• _What needs to be done_
Say how many of the lines below include the word "Espresso". Only the number should be given.

(Saved entries)
==================================================

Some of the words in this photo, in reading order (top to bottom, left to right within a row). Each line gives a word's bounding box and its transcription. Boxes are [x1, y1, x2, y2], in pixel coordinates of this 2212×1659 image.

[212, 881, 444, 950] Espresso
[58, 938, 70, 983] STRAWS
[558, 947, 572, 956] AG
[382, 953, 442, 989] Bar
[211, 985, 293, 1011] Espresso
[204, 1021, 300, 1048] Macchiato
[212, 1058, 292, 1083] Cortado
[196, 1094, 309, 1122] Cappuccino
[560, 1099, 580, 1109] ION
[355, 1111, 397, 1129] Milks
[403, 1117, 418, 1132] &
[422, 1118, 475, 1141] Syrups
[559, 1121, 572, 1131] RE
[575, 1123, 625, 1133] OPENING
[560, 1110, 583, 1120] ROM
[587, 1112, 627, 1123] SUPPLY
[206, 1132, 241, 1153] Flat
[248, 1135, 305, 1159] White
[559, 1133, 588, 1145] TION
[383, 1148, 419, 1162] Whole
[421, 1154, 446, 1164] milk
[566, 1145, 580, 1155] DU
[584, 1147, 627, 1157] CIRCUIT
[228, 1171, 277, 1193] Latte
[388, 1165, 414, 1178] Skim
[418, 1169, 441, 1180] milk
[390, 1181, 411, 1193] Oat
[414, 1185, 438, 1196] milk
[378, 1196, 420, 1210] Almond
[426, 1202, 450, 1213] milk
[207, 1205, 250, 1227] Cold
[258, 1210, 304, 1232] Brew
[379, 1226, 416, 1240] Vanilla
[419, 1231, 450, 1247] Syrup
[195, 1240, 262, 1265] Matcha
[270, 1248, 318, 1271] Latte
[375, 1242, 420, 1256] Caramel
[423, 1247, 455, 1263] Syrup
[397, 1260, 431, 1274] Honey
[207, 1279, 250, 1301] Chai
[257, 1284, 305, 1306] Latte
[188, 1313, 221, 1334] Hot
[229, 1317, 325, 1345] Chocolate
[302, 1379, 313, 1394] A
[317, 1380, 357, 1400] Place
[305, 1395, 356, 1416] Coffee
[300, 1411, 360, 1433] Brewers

==================================================

• _Reply to the task_
2